The Universal Transfer Form contains key patient health data, including medication lists, advance directives, and treatment plans, that enable a seamless transition for a patient moving from one healthcare setting to another. The IMPACT pilot initiative will create a system for information exchange between healthcare providers that allows organizations with EHR systems and those without EHRs to efficiently and securely share information about their patients electronically.

Tools to view, update, and send the electronic Universal Transfer Form will be added to the state’s forthcoming health information exchange network. Tools will also be developed to translate the form into a language and format that’s easier for patients to understand.
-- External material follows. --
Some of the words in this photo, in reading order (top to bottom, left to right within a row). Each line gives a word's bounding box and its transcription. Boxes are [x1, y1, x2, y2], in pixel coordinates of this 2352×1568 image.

The IMPACT project is working with national data standards efforts to ensure that these tools can be disseminated seamlessly throughout Massachusetts and the rest of the country.
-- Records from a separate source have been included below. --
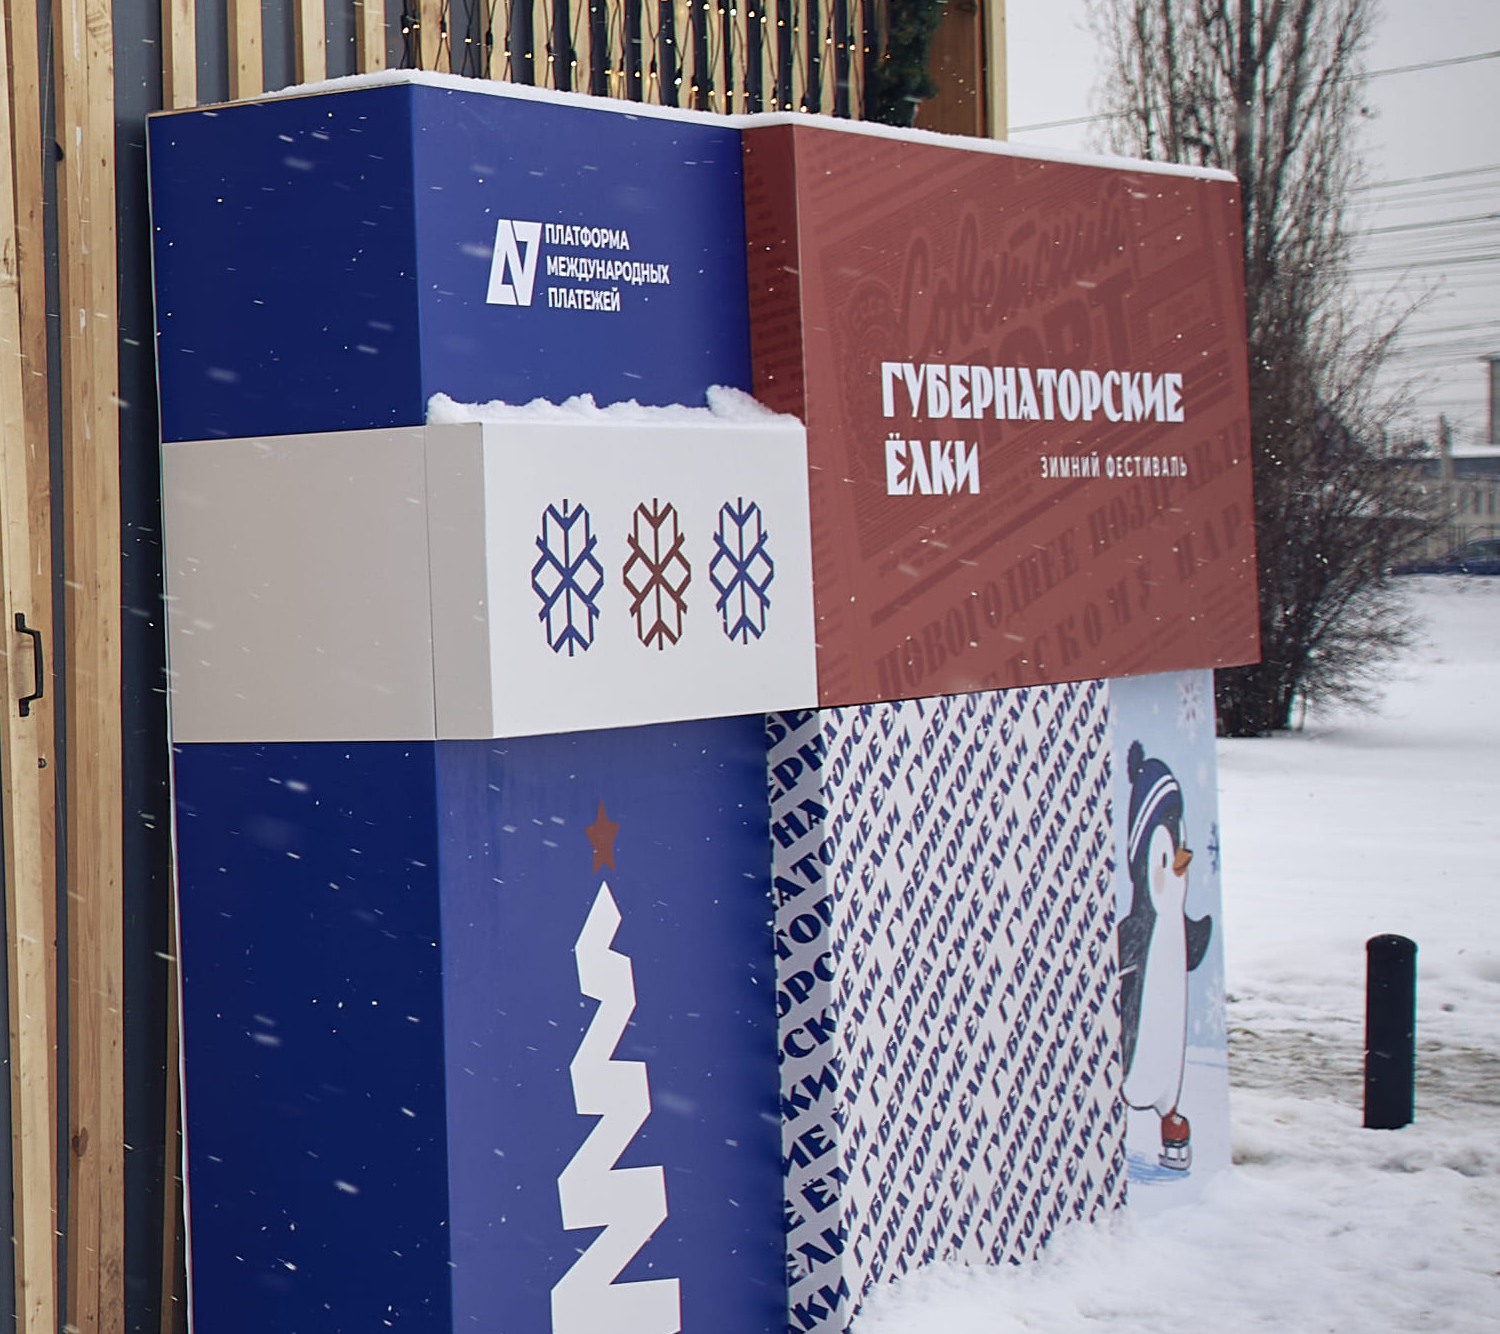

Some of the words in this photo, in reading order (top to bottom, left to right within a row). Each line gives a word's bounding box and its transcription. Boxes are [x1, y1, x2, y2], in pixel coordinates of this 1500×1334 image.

[545, 223, 630, 250] ПЛАТФОРМА
[546, 255, 670, 285] МЕЖДУНАРОДНЫХ
[547, 286, 621, 311] ПЛАТЕЖЕЙ
[881, 361, 1184, 422] ГУБЕРНАТОРСКИЕ
[884, 433, 980, 495] ЁЛКИ
[1040, 450, 1100, 479] ЗИМНИЙ
[1104, 454, 1188, 479] ФЕСТИВАЛЬ
[879, 744, 1001, 1027] ГУБЕРНАТОРСКИЕ
[888, 690, 1003, 949] ГУБЕРНАТОРСКИ
[897, 693, 976, 871] ГУБЕРНАТО
[1000, 751, 1111, 1023] ГУБЕРНАТОРСКИЕ
[863, 891, 983, 1187] ГУБЕРНАТОРСКИЕ
[871, 816, 992, 1107] ГУБЕРНАТОРСКИЕ
[985, 892, 1098, 1173] ГУБЕРНАТОРСКИЕ
[993, 822, 1106, 1098] ГУБЕРНАТОРСКИЕ
[855, 965, 975, 1267] ГУБЕРНАТОРСКИЕ
[977, 964, 1090, 1250] ГУБЕРНАТОРСКИЕ
[987, 1037, 1083, 1266] ЕРНАТОРСКИЕ
“This advancement in health information technology is critical to support better coordination among providers, and will greatly benefit patients who are making transitions between healthcare facilities and home care,” said Rick Shoup, PhD, state HIT coordinator and director of the MeHI.

Larry Garber, MD, medical director for informatics at Reliant Medical Group (formerly known as Fallon Clinic) and principal investigator for IMPACT, said, “The beauty of this system is that it leverages information already collected electronically in EHRs and patient assessment tools in order to minimize rework or having patients tell their medical history over and over again. It also guarantees timely delivery of all of the necessary information to the next provider of care. It’s good for our patients, and it’s good for physicians and their staff.”
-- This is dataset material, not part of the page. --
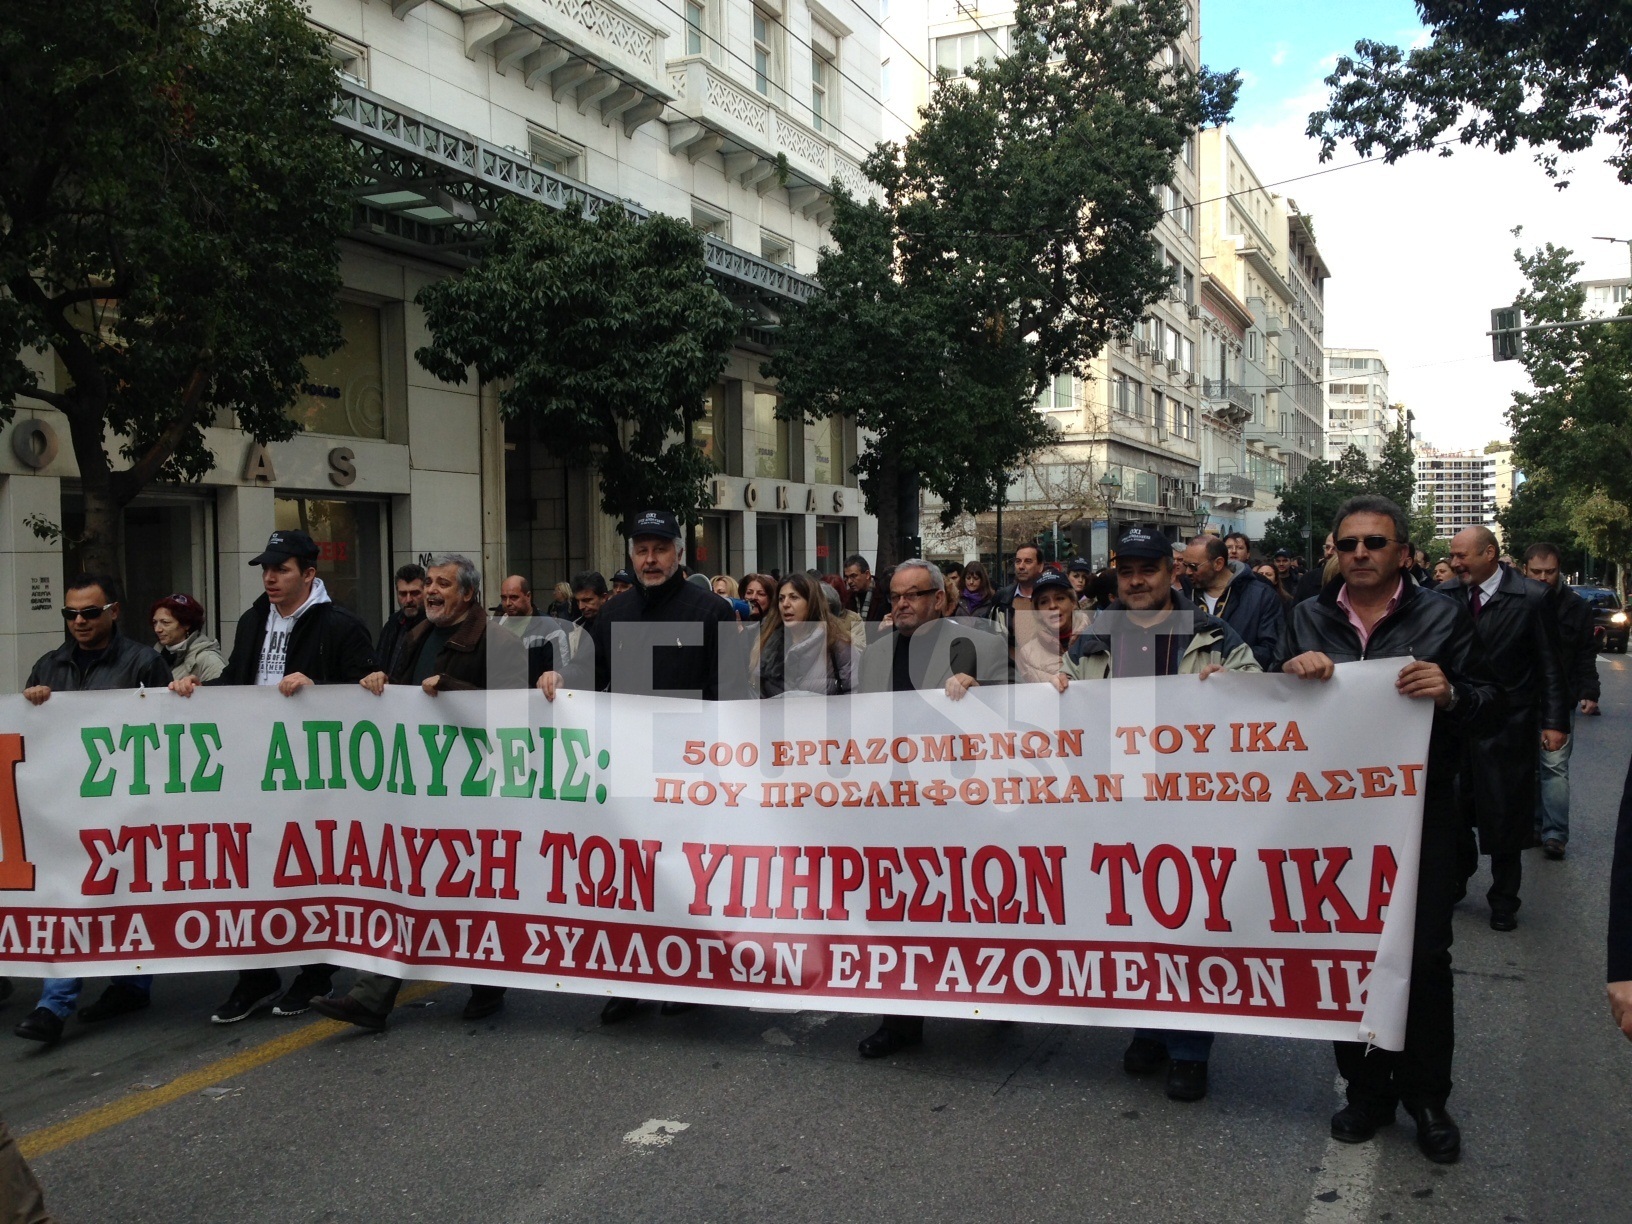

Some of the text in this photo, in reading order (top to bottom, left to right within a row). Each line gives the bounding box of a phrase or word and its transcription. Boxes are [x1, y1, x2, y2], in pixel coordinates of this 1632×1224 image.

"The enhanced communication among service providers included in the IMPACT project will ultimately benefit the patient, control expenses, and establish standards that will become the hallmark for healthcare in the future,” said Paul O’Connell, administrator for the Beaumont Rehabilitation and Skilled Nursing Center in Westborough.

In June 2011, 31 healthcare organizations participating in Worcester’s State Action on Avoidable Rehospitalizations Initiatives and other efforts to improve the transition of care, attended a “Worcester Galaxy” meeting. This meeting established a learning collaborative that will help improve and implement IMPACT’s tools throughout Worcester County following the pilot sites. Similar Galaxies and learning collaboratives will convene in communities throughout the state over the next few years in order to engage healthcare providers across the continuum of care, and allow for the development of best practices regarding documentation, communication, patient education, and other processes to ensure safe and successful transitions for all patients.